Dataset content:
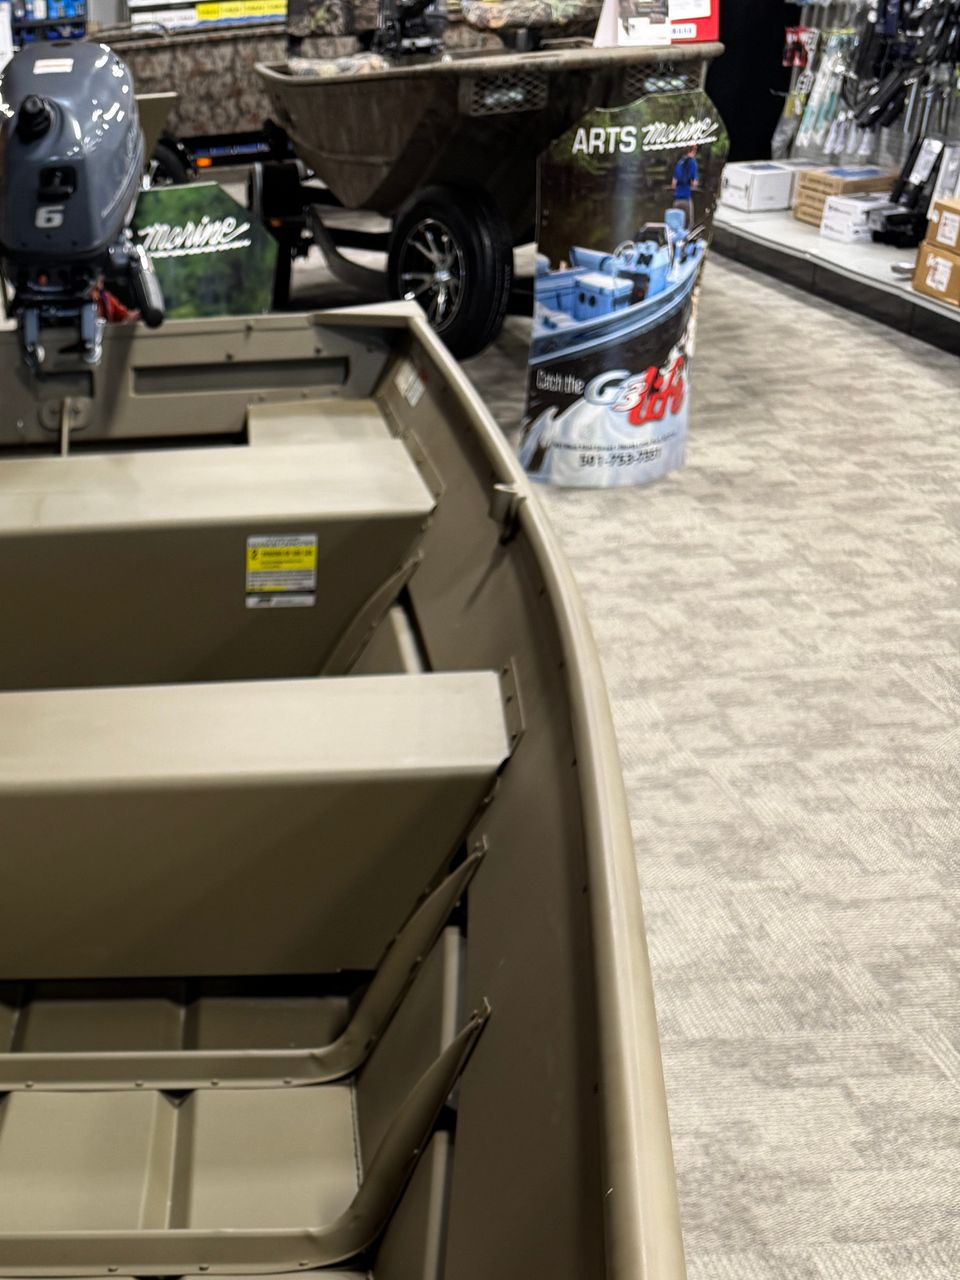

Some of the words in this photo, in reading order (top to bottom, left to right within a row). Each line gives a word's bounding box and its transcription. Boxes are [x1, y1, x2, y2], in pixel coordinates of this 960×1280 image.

[572, 125, 637, 154] ARTS
[641, 117, 718, 149] marine
[34, 205, 65, 228] 6
[138, 215, 251, 254] marine

Goal of the exercise: Above are records to transcribe exactly; leave their pictures out.

Task answer:
Some of the words in this photo, in reading order (top to bottom, left to right within a row). Each line gives a word's bounding box and its transcription. Boxes are [x1, y1, x2, y2], in pixel coordinates of this 960×1280 image.

[572, 125, 637, 154] ARTS
[641, 117, 718, 149] marine
[34, 205, 65, 228] 6
[138, 215, 251, 254] marine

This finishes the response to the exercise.